Il fotovoltaico accelera Crescita del 50%

Seva (Mitsubishi): «Una volta ammortizzati i costi, l’impianto comincia a produrre reddito»

Vuoi per una più diffusa coscienza ecologica, vuoi per i robusti incentivi, rilanciati dal decreto ministeriale del febbraio 2007 con il nuovo Conto Energia, il fotovoltaico va di moda. E il traguardo dei 1.200 MW di capacità cumulata, al raggiungimento del quale il governo riconsidererà le agevolazioni, sembra avvicinarsi più in fretta. A oggi gli impianti in esercizio hanno superato le 11mila unità e quota 120 MW: più precisamente, 4.495 installati tra 2005 e 2006 (in base al vecchio Conto Energia), per una potenza di 78,9 MW, e 6.690 realizzati successivamente, capaci di 41,3 MW.
«Questi dati - osserva Gualtiero Seva, responsabile del settore fotovoltaico di Mitsubishi Electric in Italia - mostrano che le installazioni sono aumentate in un periodo più breve di quasi il 50%, ma con una potenza complessiva più bassa di oltre la metà. Ciò significa che il mercato si sta autonomamente orientando verso una sempre maggiore diffusione degli impianti di tipo residenziale». Come negli intenti della norma, che incentiva la generazione distribuita sul territorio per mezzo di installazioni piccole e medie. Con un contributo sotto forma di remunerazione dell’energia prodotta (che poi può essere conferita alla rete elettrica oppure usata localmente risparmiando sulla bolletta) a una tariffa convenzionale superiore ai valori di mercato e costante per venti anni; il prezzo pagato decresce al crescere della taglia dell’impianto e aumenta in ragione dell’integrazione nell’edificio.

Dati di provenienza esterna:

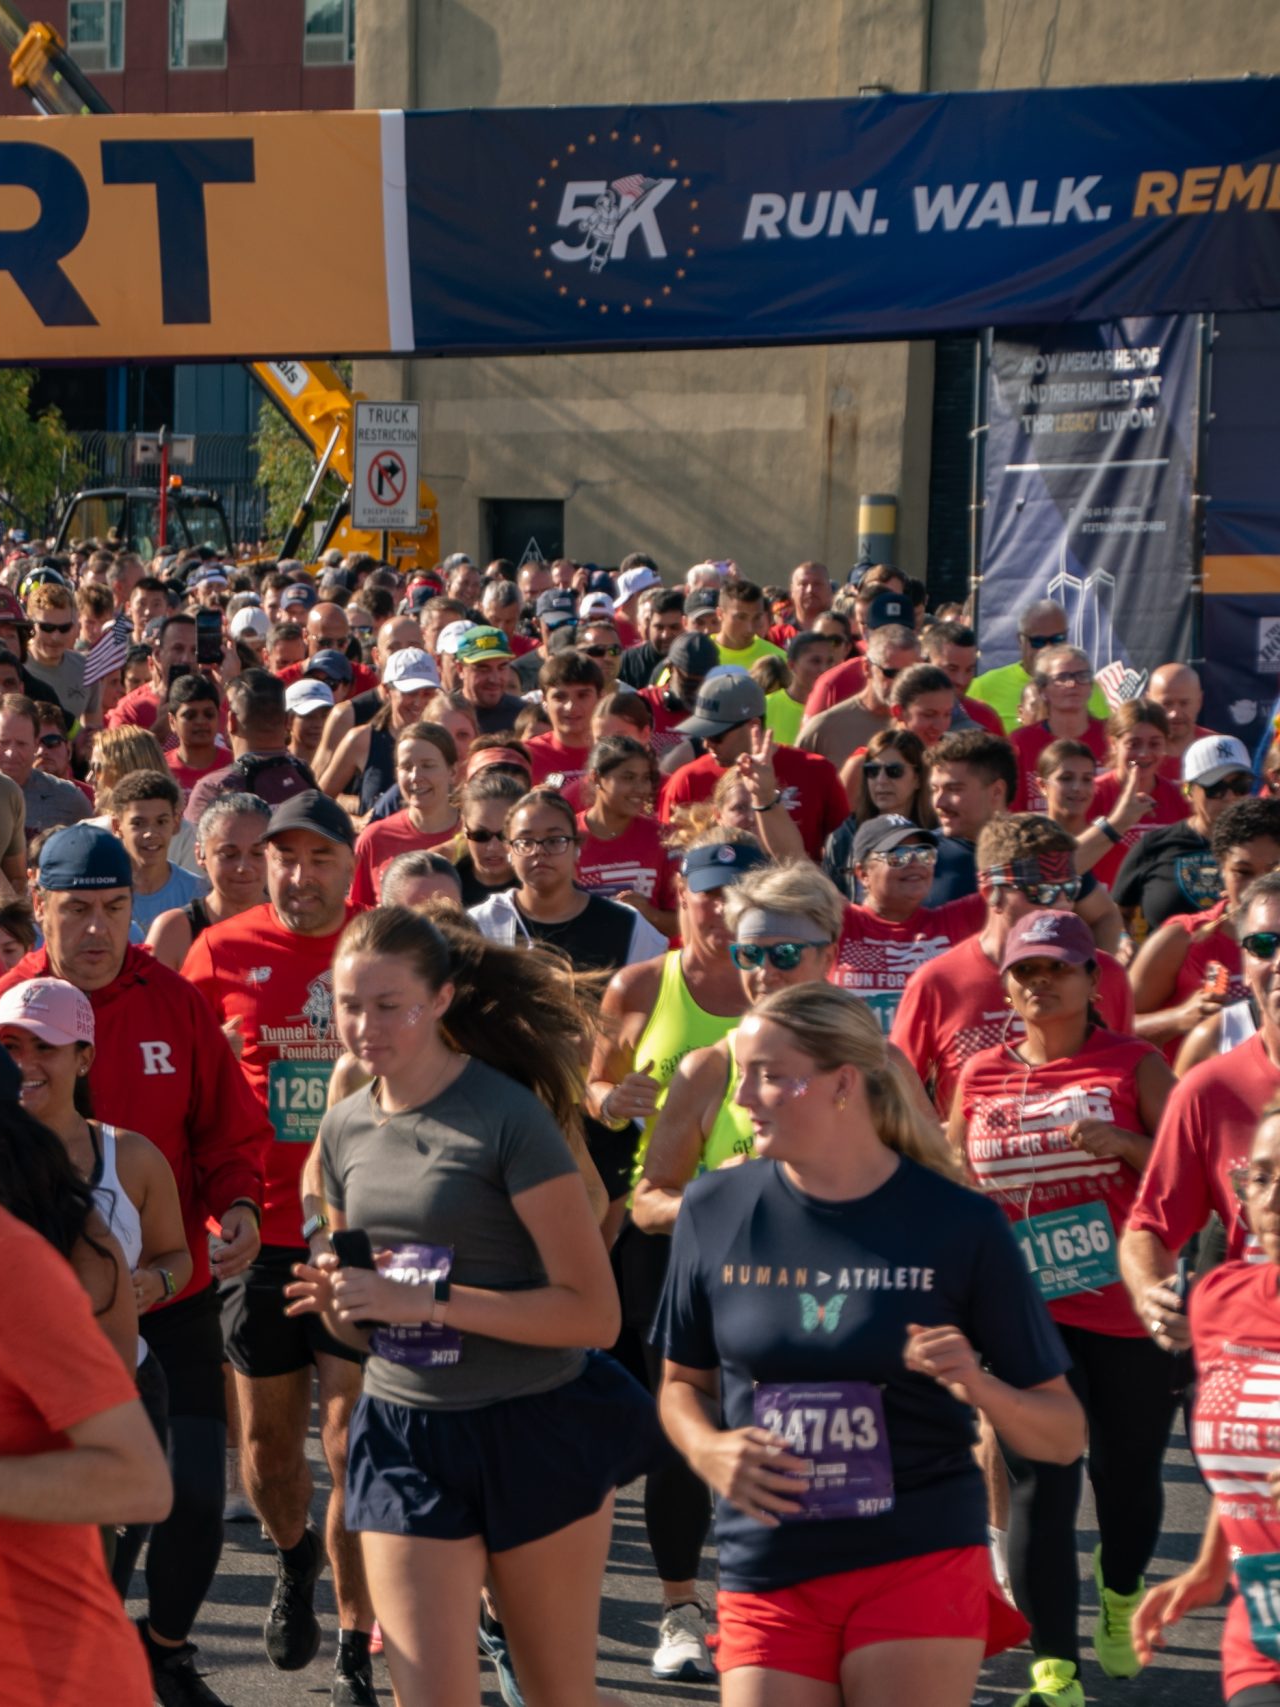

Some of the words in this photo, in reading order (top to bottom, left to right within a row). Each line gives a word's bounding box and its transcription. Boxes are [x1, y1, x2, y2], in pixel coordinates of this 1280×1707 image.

[550, 178, 677, 261] 5K
[742, 188, 889, 240] RUN.
[914, 175, 1112, 233] WALK.
[1131, 375, 1162, 400] TAT
[368, 408, 408, 423] TRUCK
[358, 427, 417, 441] RESTRICTION
[73, 876, 117, 885] FREEDOM
[843, 972, 874, 985] RUN
[878, 973, 907, 988] FOR
[260, 1023, 308, 1041] Tunnel
[139, 1041, 176, 1076] R
[275, 1077, 331, 1110] 126
[972, 1138, 1003, 1159] RUN
[1007, 1132, 1043, 1155] FOR
[1018, 1219, 1110, 1274] 11636
[723, 1264, 809, 1287] HUMAN
[837, 1266, 936, 1292] ATHLETE
[762, 1406, 879, 1456] 34743
[1218, 1421, 1259, 1451] FOR
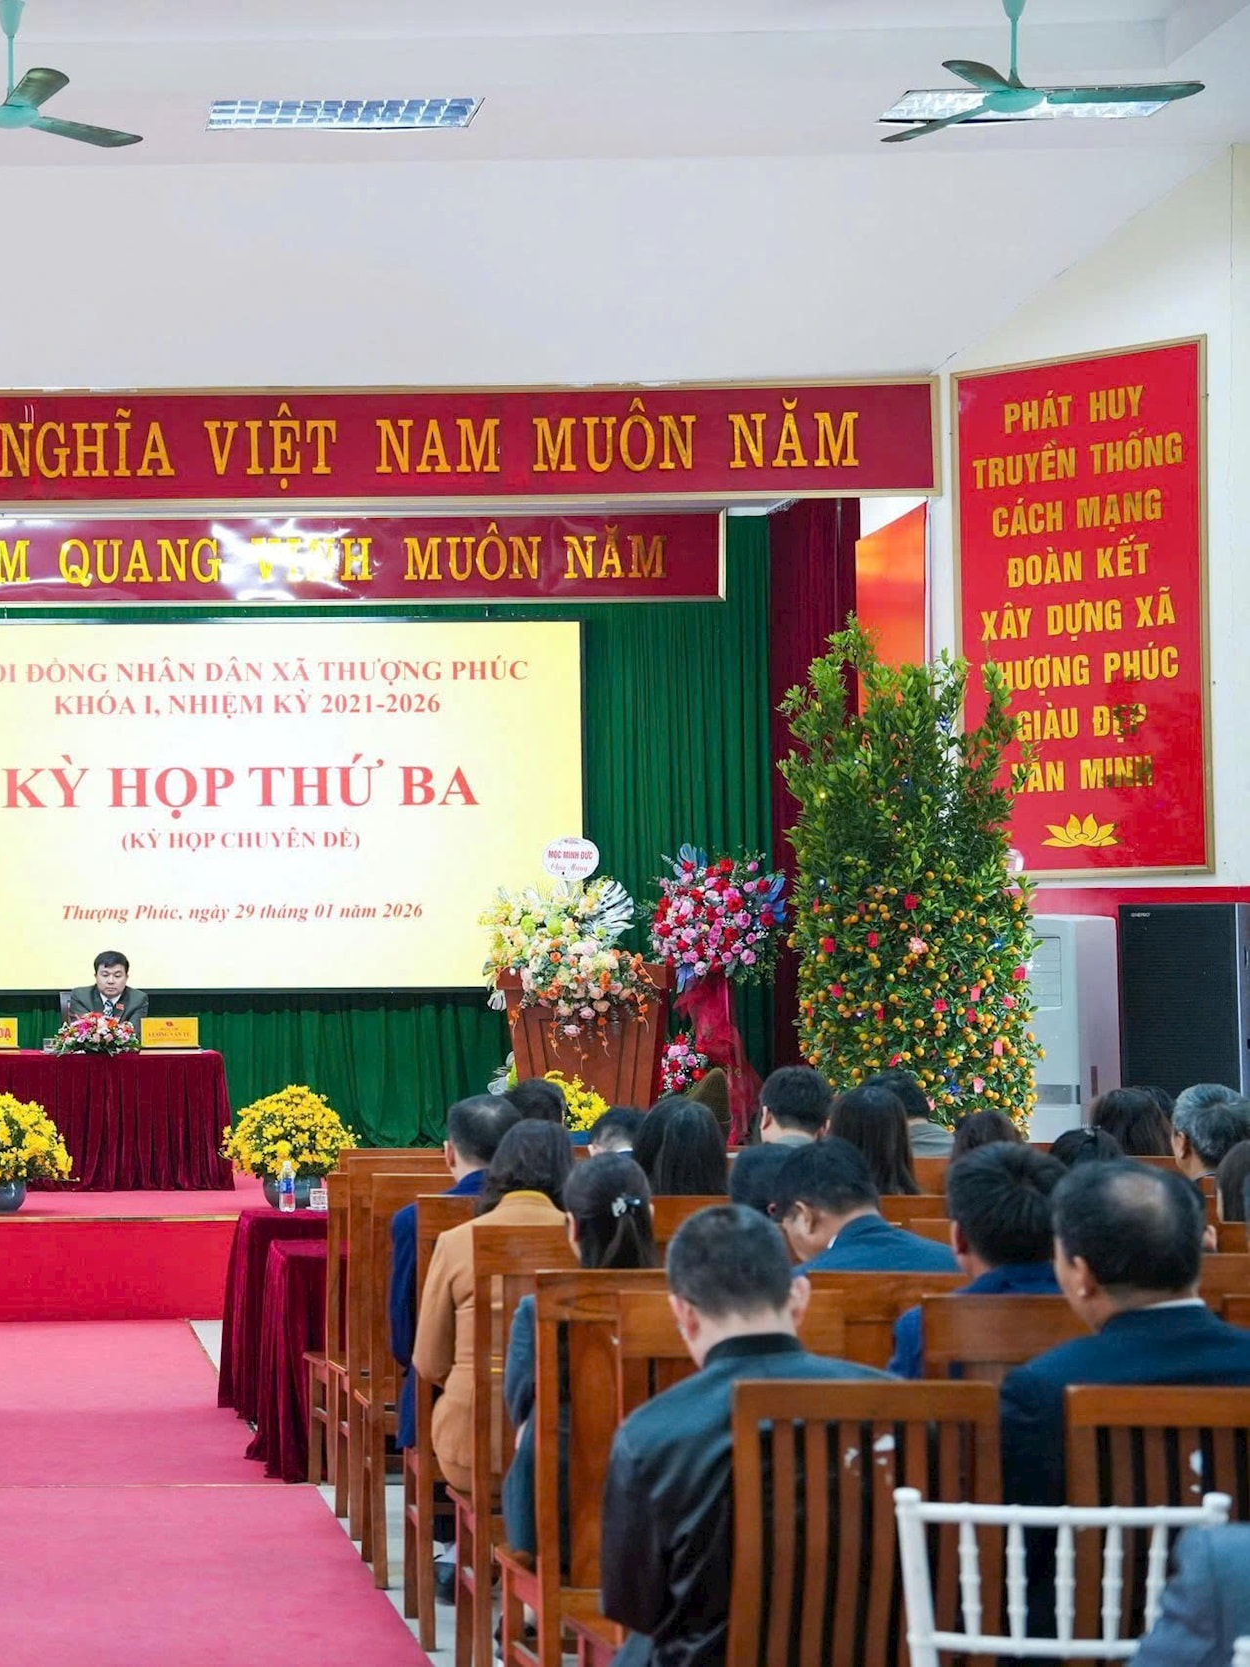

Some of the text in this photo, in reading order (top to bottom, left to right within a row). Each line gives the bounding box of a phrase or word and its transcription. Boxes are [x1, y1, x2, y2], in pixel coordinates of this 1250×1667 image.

[1004, 385, 1143, 434] PHÁT HUY
[203, 402, 336, 490] VIỆT
[376, 418, 500, 474] NAM
[532, 397, 696, 473] MUÔN
[728, 398, 859, 469] NĂM
[972, 427, 1183, 489] TRUYỀN THỐNG
[992, 488, 1162, 538] CÁCH MẠNG
[58, 537, 222, 588] QUANG
[250, 536, 374, 581] VH
[403, 522, 542, 581] MUÔN
[563, 524, 667, 580] NĂM
[1007, 534, 1150, 588] ĐOÀN KẾT
[980, 586, 1176, 642] XÂY DỰNG XÃ
[25, 657, 107, 683] ĐỒNG
[116, 656, 195, 682] NHÂN
[205, 656, 263, 682] DÂN
[272, 657, 310, 682] XÃ
[318, 658, 442, 686] THƯỢNG
[451, 655, 528, 681] PHÚC
[1103, 642, 1179, 684] PHÚC
[54, 689, 136, 715] KHÓA
[169, 692, 263, 719] NHIỆM
[273, 688, 312, 714] KỲ
[320, 693, 441, 713] 2021-2026
[1016, 702, 1147, 743] GIÀU ĐẸP
[2, 753, 479, 819] KỲ HỌP THỨ BA
[1079, 755, 1153, 790] MINH
[122, 828, 161, 851] (KỲ
[169, 832, 215, 852] HỌP
[221, 827, 316, 849] CHUYÊN
[62, 904, 129, 923] Thượng
[188, 904, 230, 922] ngày
[234, 904, 255, 919] 29
[260, 903, 309, 921] tháng
[314, 904, 334, 919] 01
[340, 904, 377, 919] năm
[382, 903, 424, 918] 2026

«Si parte - prosegue Seva - con realizzazioni da un KWp (kiloWatt di picco) che presuppongono di coprire con i pannelli fotovoltaici una superficie pari a 7,5 metri quadrati; può essere un tetto oppure il fronte di un balcone. Una volta ammortizzati i costi, che nell’esempio ammontano a circa 6.500 euro, il fotovoltaico comincia a produrre reddito. E chi vuole azzerare immediatamente la bolletta basta che dimensioni l'impianto nel modo opportuno».
Considerando che un KW installato a regola d’arte può generare in media, nel Nord Italia, 1.200 KWh ora annui, si divide per questa cifra il consumo elettrico della famiglia di un intero anno e si ottiene il numero di KW necessari per coprirne il fabbisogno. L’impianto è relativamente semplice: i pannelli, un inverter e poco altro. Quanto al ritorno dell’investimento, i tempi non sono brevi: «Continuando con l’esempio, il pareggio arriva in circa 10 anni, ma il Conto Energia garantisce incentivi per 20 anni e l’impianto ha una vita utile di almeno 30 anni: è sufficiente una manutenzione annuale, lavandolo e verificando i connettori, dato che non ci sono parti in movimento e i moduli non si deteriorano».